Malaika Arora's Yoga Journey: Overcoming Challenges
In an interview with The Bombay Times, Malaika shared her struggles post-Covid-19 recovery: "Honestly there were days when I couldn't even bend down and touch my toes. I was frustrated as I was unable to push myself. I didn't give up and I had no choice but to take it slow." After a car accident in 2022, she had to temporarily stop yoga. She revealed to India Today that her body "went through a lot of shock [post the accident] and needed time to recover." She added, "one thing I kept asking my doctor was when I could go back to my yoga practice," as reported by The Indian Express. Once she resumed, she noted a "great difference to my mental and physical state."
Key Yoga Asanas in Malaika Arora's Routine
Surya Namaskar (Sun Salutation)
Malaika often practices Surya Namaskar, a traditional sunrise sequence honoring Surya as the source of energy.
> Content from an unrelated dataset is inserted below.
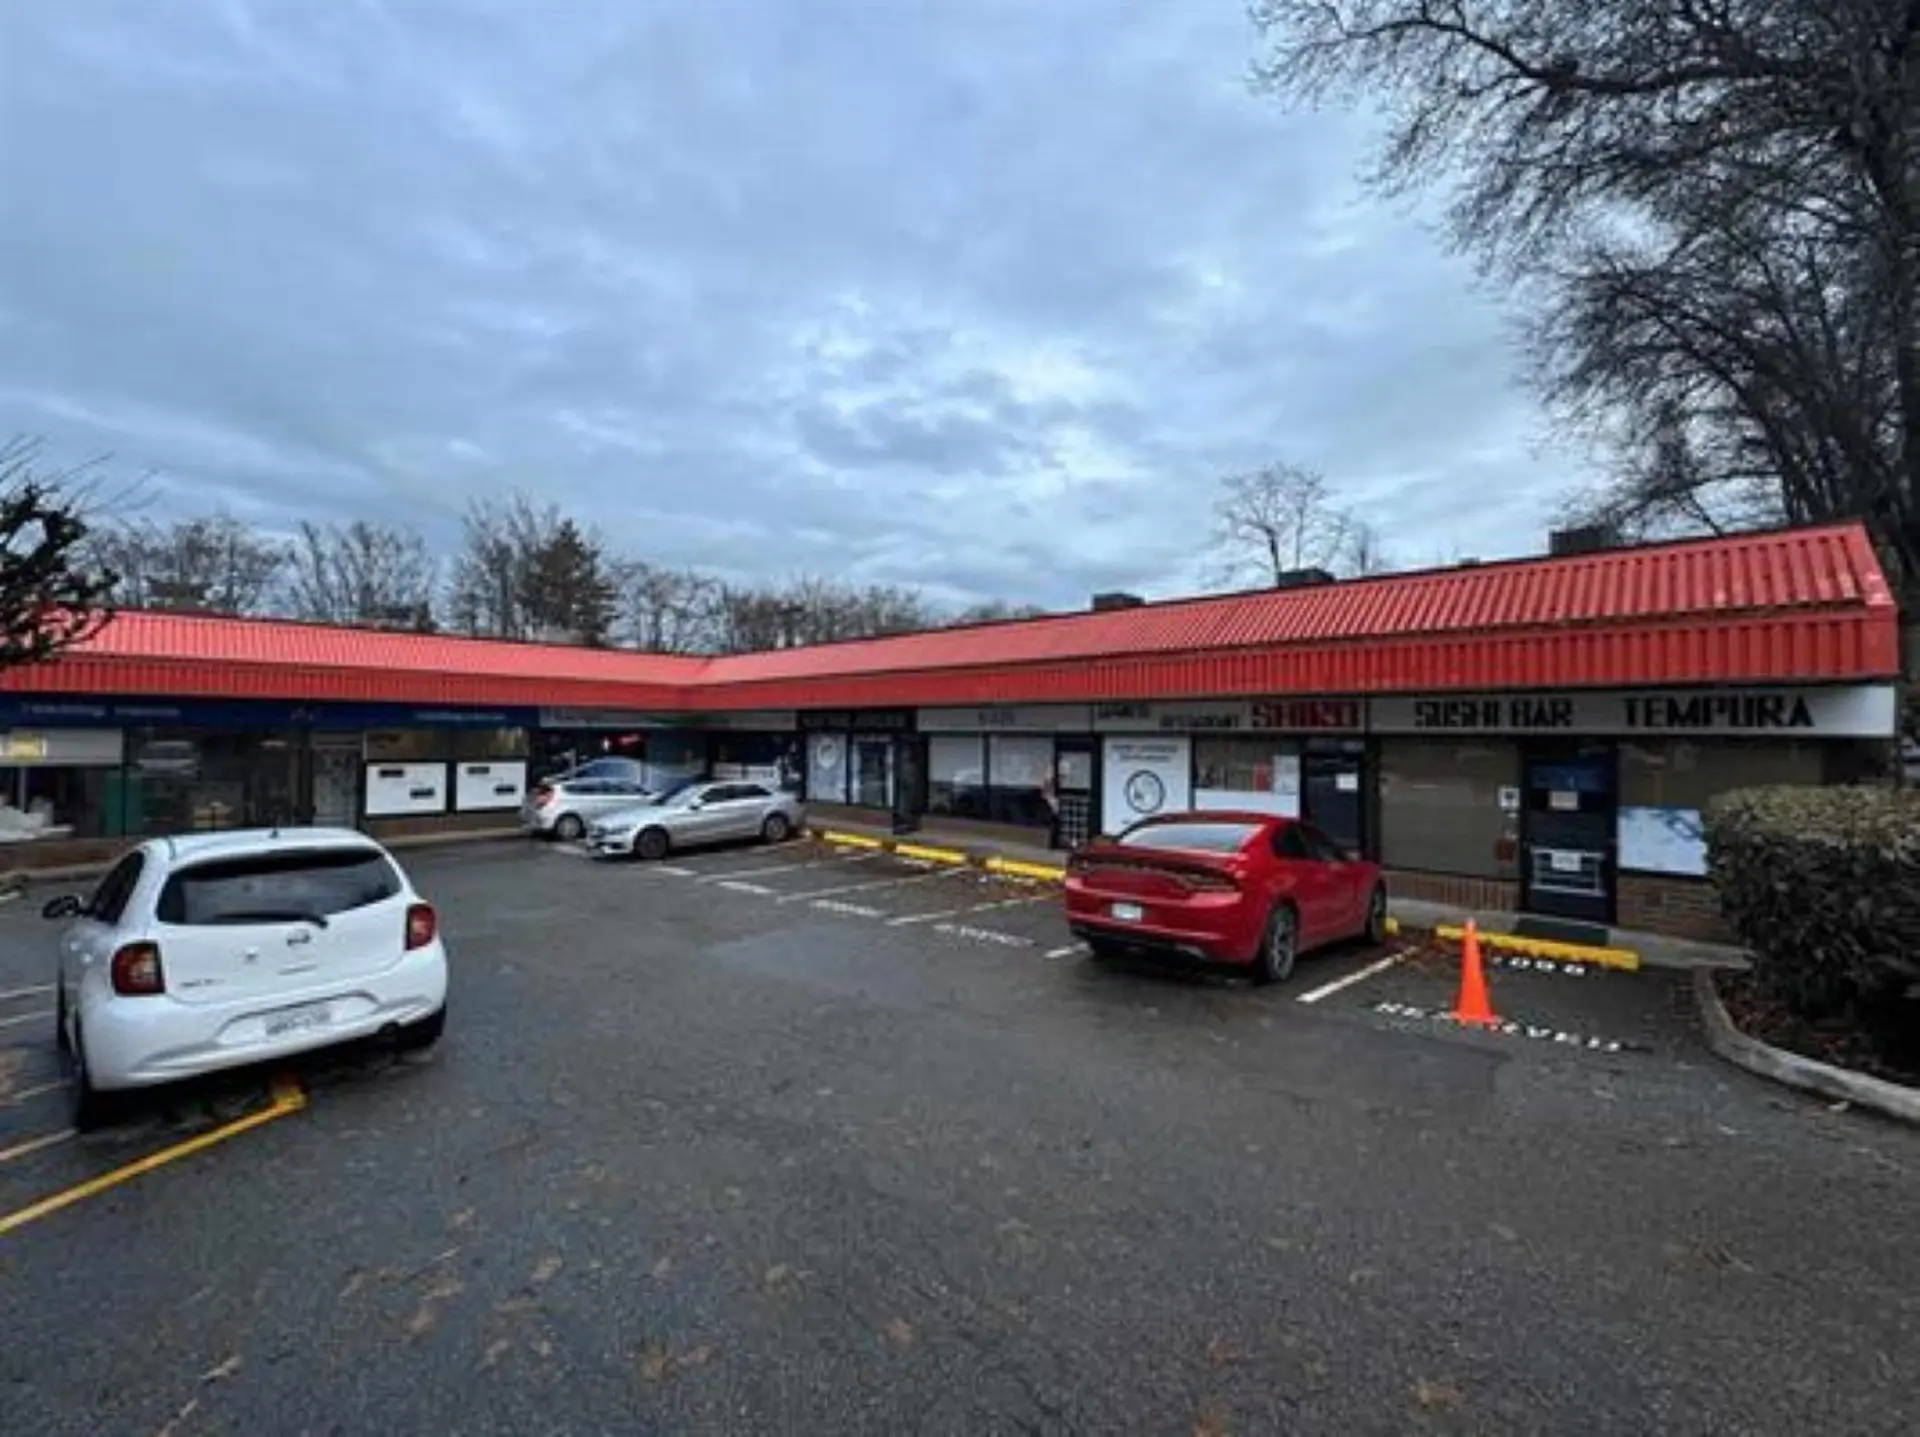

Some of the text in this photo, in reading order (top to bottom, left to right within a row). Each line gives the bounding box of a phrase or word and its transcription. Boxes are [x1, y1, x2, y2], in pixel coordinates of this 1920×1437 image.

[1414, 694, 1816, 728] SUSHI BAR TEMPURA
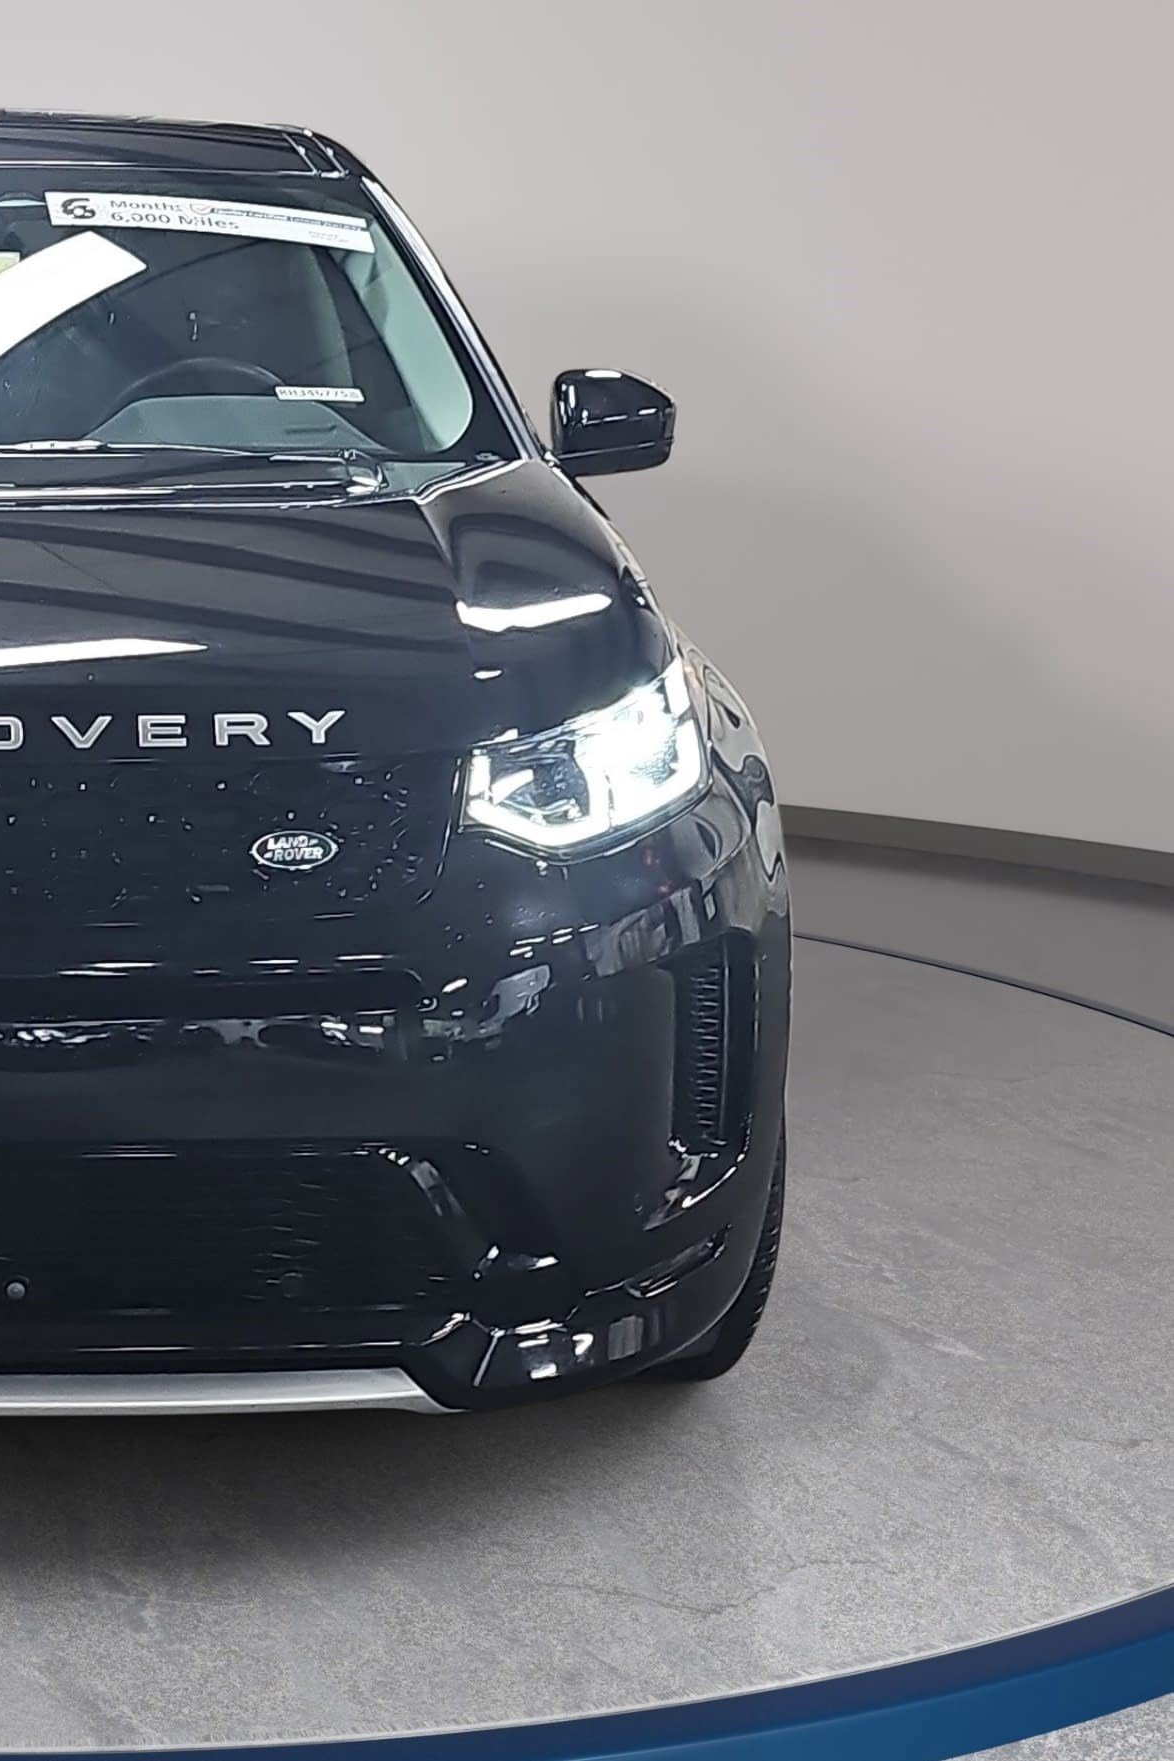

The series includes twelve poses: Tadasana (standing pose), arms raised, forward bend, lunge, V-shaped asana (Adho Mukha Svanasana), prone pose (Ashtanga Namaskara), upward-facing chest lift (Bhujangasana), return to V-shaped asana, lunge, forward bend, arms raised, and back to Tadasana. Each cycle moves backward then forward. Malaika calls it the "warrior flow upgrade."
Bhujangasana (Cobra Pose)
This gentle backbend resembles a cobra raising its hood. To perform: lie flat on stomach, legs extended, palms under shoulders, elbows close to body. Inhale and slowly lift head, chest, and upper abdomen off the floor. Hold the breath for 15–20 seconds. Benefits include improved spinal strength, core strength, and flexibility.
Gomukhasana (Cow Face Pose)
This seated posture stretches the entire body. Sit with legs extended, bend knees, stack one knee over the other. Raise one arm overhead and bend it behind the back; bring the other arm from below and clasp fingers. Keep spine straight, breathe deeply, hold for 20–30 seconds, then switch sides. It stretches shoulders, chest, arms, hips, and thighs, improves posture and spinal alignment, and enhances shoulder joint flexibility, relieving neck and upper back stiffness.
Setubandhasana (Bridge Pose)
Malaika performs this back-bending pose forming a bridge-like shape. It strengthens the back, glutes, and legs while opening the chest. Benefits include strengthening back, buttocks, and leg muscles; stretching chest, neck, and spine; improving posture and spinal flexibility; and relieving mild stress and fatigue.